Who do you nominate?

I got Robbie Williams for starters.

then there is Michael Winner

and Anne Widdecombe.

and the Vienna Boys Choir just for laffs.


----------



## jampott (Sep 6, 2003)

Charlotte Church


----------



## Carlos (May 6, 2002)

Arsene Bandit :-/


----------



## Guest (Mar 20, 2003)

chris evans 

ken livingstone


----------



## paulb (May 6, 2002)

How would any of these work as a human shield. Pass me the Tomahawk...

Now, if you want to protect things, put Kylie there.

(Can I kill Michael Winner slowly? Pleeeeeeeease)


----------



## KevinST (May 6, 2002)

Estate agents?? (sorry to any TT owning estate agents)


----------



## PaulS (Jun 15, 2002)

Ruby Wax


----------



## Major Audi Parts Guru (May 7, 2002)

Clair Short


----------



## BreTT (Oct 30, 2002)

Maria Carey
Whitney Houston
Michael Jackson
Michael Flattley (sp?)
Boyzone (sp?)
etc etc etc.

[smiley=rifle.gif] [smiley=rifle.gif] [smiley=rifle.gif] [smiley=rifle.gif] [smiley=rifle.gif]

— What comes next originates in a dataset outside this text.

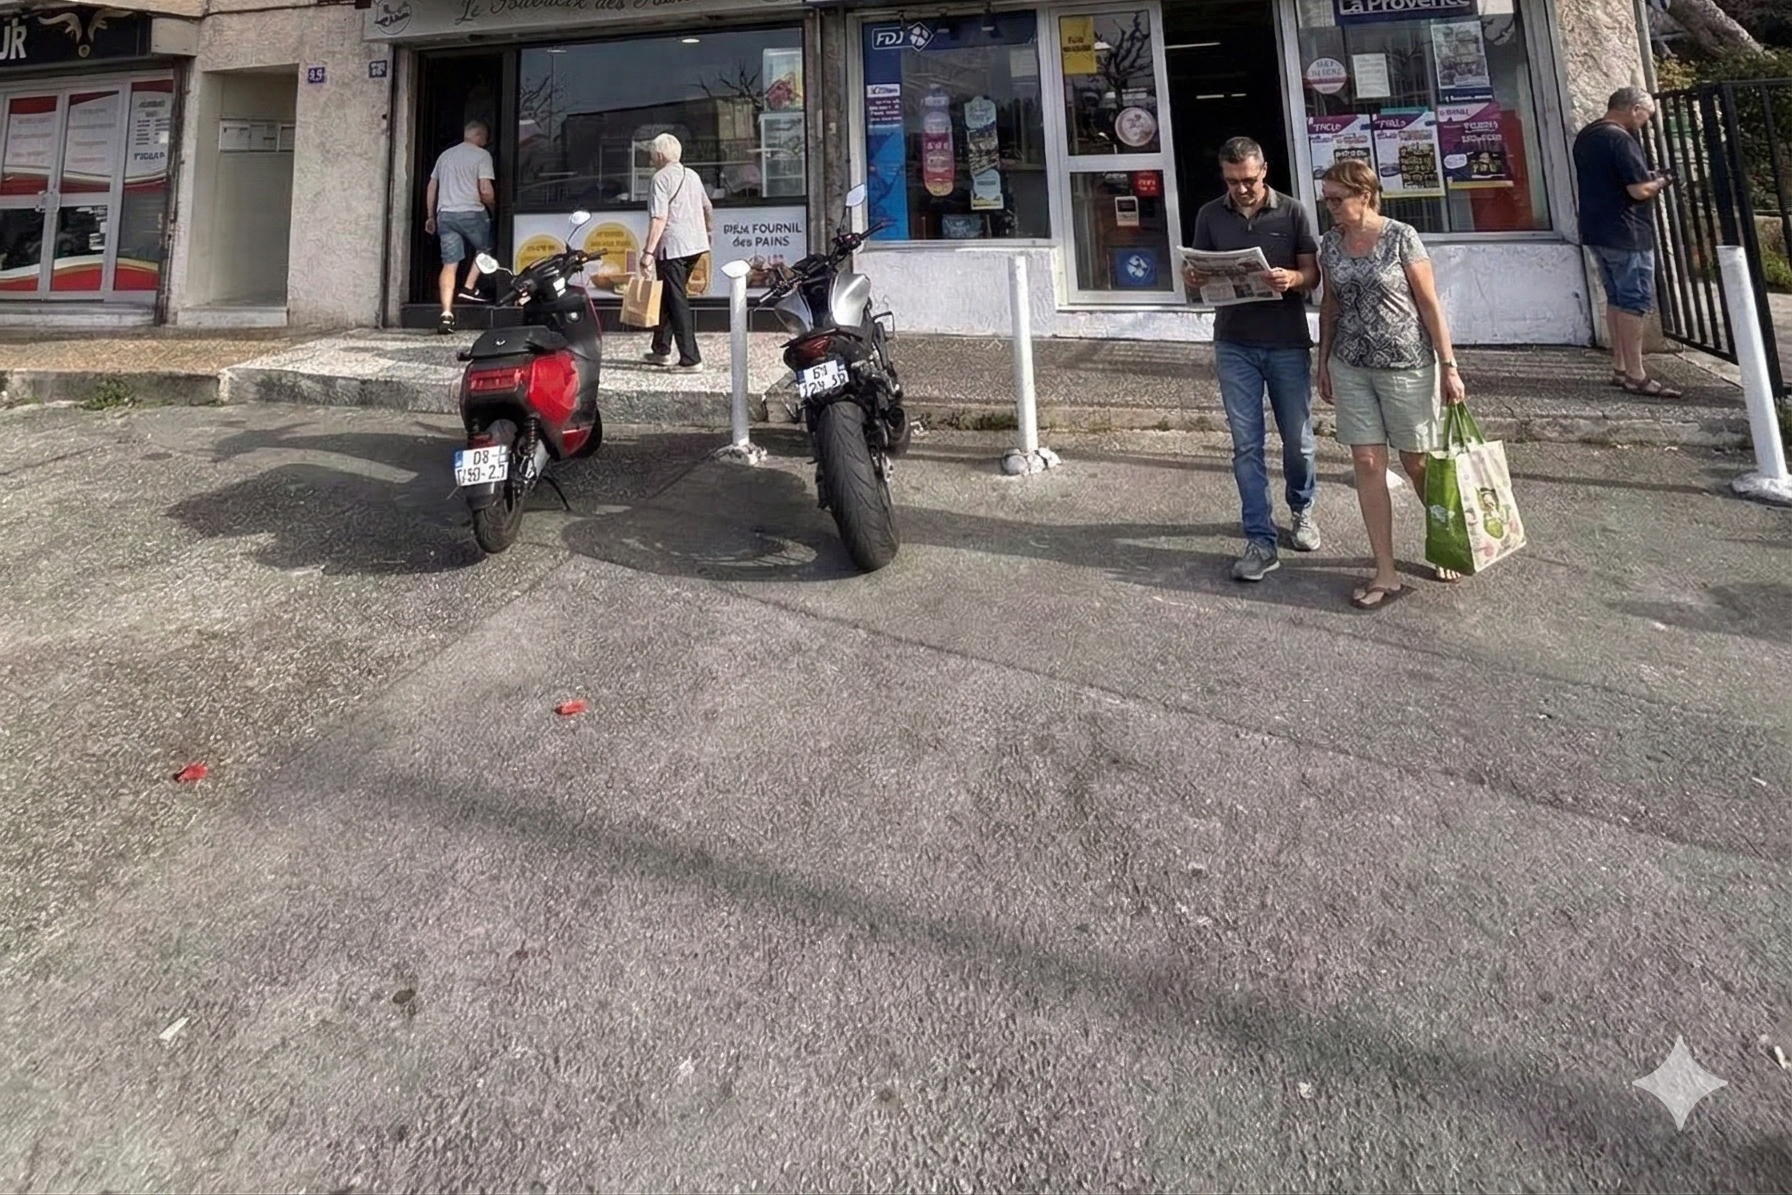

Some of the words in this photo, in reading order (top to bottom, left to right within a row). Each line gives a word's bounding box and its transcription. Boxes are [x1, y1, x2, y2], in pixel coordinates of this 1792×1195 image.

[876, 31, 905, 46] FDJ
[752, 222, 802, 234] FOURNIL
[755, 236, 789, 247] PAINS

Kylie on the other hand....... [smiley=gorgeous.gif][smiley=sweetheart.gif] [smiley=iloveyou.gif]


----------



## pgtt (May 7, 2002)

Ann Robinson   [smiley=rifle.gif] [smiley=rifle.gif]


----------



## Dr_Parmar (May 10, 2002)

KEN LIVINGSTONE!!! 
ALL BMW DRIVERS


----------



## Dubcat (Jun 10, 2002)

George Bush ;D


----------



## thorney (May 15, 2002)

Anyone who doesn't like marmite.


----------



## KevinST (May 6, 2002)

> Anyone who doesn't like marmite.


Anyone who does !


----------



## ccc (May 7, 2002)

Traffic wardens. And Gareth Gates.


----------



## teucer2000 (May 14, 2002)

Any anti war protestors with red hair and lip rings.
Any protesting school children who wouldn't even be able to point out the Middle East on a map.
Any one who likes chasing foxes for 'pleasure'.
Caravan drivers.
My neighbour who bricked up his garage and now parks his car on the road.
My boss if she doesn't give me a pay rise.


----------



## DonaldC (May 7, 2002)

Rangers FC..... [smiley=rifle.gif]

i would have added a certain penalty taker to that list if it wasn't for that cracking goal last night!!


----------



## StuarTT (May 7, 2002)

Enrique 'Twatface' Iglesias. [smiley=rifle.gif]


----------



## pas_55 (May 9, 2002)

GRANT BOVEY


----------



## sTTu (May 7, 2002)

> Charlotte Church


No way man ! She's fit and she smokes ! ;D

sTTu


----------



## PaulS (Jun 15, 2002)

> Now, if you want to protect things, put Kylie there.


 [smiley=gorgeous.gif] [smiley=dizzy2.gif]

Don't forget Dani :

Dani Minogue - "I begin to wonder" - does that song rock or what, that just HAS to be given max volume on the Bose [smiley=dude.gif]


----------